> AVAILABLE DATA
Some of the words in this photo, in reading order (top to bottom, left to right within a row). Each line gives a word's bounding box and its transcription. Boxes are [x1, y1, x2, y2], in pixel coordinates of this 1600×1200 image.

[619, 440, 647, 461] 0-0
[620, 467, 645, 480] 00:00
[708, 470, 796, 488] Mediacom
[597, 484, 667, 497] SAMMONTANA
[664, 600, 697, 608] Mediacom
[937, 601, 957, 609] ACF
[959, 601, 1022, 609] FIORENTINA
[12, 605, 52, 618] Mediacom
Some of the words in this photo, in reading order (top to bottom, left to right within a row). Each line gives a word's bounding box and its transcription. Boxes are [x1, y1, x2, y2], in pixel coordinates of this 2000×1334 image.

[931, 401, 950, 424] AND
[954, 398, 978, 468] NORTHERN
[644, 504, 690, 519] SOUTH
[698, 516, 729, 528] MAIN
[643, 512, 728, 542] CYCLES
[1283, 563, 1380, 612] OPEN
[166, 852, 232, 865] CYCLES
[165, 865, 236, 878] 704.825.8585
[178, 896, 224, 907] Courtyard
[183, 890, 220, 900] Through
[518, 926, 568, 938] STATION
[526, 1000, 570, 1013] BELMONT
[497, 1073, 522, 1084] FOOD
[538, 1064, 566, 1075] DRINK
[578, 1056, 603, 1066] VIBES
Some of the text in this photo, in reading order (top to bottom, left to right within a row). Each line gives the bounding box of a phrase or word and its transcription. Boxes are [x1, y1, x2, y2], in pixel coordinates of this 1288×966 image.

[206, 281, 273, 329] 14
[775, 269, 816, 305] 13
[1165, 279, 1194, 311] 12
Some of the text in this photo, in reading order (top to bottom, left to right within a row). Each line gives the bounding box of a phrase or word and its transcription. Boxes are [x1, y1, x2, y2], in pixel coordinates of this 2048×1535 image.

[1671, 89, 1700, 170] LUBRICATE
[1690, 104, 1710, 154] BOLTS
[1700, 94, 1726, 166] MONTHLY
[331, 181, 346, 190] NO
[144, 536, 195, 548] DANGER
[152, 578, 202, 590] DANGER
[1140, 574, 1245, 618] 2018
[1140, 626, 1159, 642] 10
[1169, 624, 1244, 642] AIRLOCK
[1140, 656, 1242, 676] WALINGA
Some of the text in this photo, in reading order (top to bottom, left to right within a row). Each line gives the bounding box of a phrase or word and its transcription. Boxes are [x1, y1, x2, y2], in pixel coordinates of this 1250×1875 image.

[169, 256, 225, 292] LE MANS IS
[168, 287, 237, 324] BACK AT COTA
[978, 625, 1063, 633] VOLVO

> EXERCISE OBJECTIVE
Line by line, retype all the entries exactly as they are shown.

> EXPECTED OUTPUT
Some of the words in this photo, in reading order (top to bottom, left to right within a row). Each line gives a word's bounding box and its transcription. Boxes are [x1, y1, x2, y2], in pixel coordinates of this 1600×1200 image.

[619, 440, 647, 461] 0-0
[620, 467, 645, 480] 00:00
[708, 470, 796, 488] Mediacom
[597, 484, 667, 497] SAMMONTANA
[664, 600, 697, 608] Mediacom
[937, 601, 957, 609] ACF
[959, 601, 1022, 609] FIORENTINA
[12, 605, 52, 618] Mediacom
Some of the words in this photo, in reading order (top to bottom, left to right within a row). Each line gives a word's bounding box and its transcription. Boxes are [x1, y1, x2, y2], in pixel coordinates of this 2000×1334 image.

[931, 401, 950, 424] AND
[954, 398, 978, 468] NORTHERN
[644, 504, 690, 519] SOUTH
[698, 516, 729, 528] MAIN
[643, 512, 728, 542] CYCLES
[1283, 563, 1380, 612] OPEN
[166, 852, 232, 865] CYCLES
[165, 865, 236, 878] 704.825.8585
[178, 896, 224, 907] Courtyard
[183, 890, 220, 900] Through
[518, 926, 568, 938] STATION
[526, 1000, 570, 1013] BELMONT
[497, 1073, 522, 1084] FOOD
[538, 1064, 566, 1075] DRINK
[578, 1056, 603, 1066] VIBES
Some of the text in this photo, in reading order (top to bottom, left to right within a row). Each line gives the bounding box of a phrase or word and its transcription. Boxes are [x1, y1, x2, y2], in pixel coordinates of this 1288×966 image.

[206, 281, 273, 329] 14
[775, 269, 816, 305] 13
[1165, 279, 1194, 311] 12
Some of the text in this photo, in reading order (top to bottom, left to right within a row). Each line gives the bounding box of a phrase or word and its transcription. Boxes are [x1, y1, x2, y2], in pixel coordinates of this 2048×1535 image.

[1671, 89, 1700, 170] LUBRICATE
[1690, 104, 1710, 154] BOLTS
[1700, 94, 1726, 166] MONTHLY
[331, 181, 346, 190] NO
[144, 536, 195, 548] DANGER
[152, 578, 202, 590] DANGER
[1140, 574, 1245, 618] 2018
[1140, 626, 1159, 642] 10
[1169, 624, 1244, 642] AIRLOCK
[1140, 656, 1242, 676] WALINGA
Some of the text in this photo, in reading order (top to bottom, left to right within a row). Each line gives the bounding box of a phrase or word and its transcription. Boxes are [x1, y1, x2, y2], in pixel coordinates of this 1250×1875 image.

[169, 256, 225, 292] LE MANS IS
[168, 287, 237, 324] BACK AT COTA
[978, 625, 1063, 633] VOLVO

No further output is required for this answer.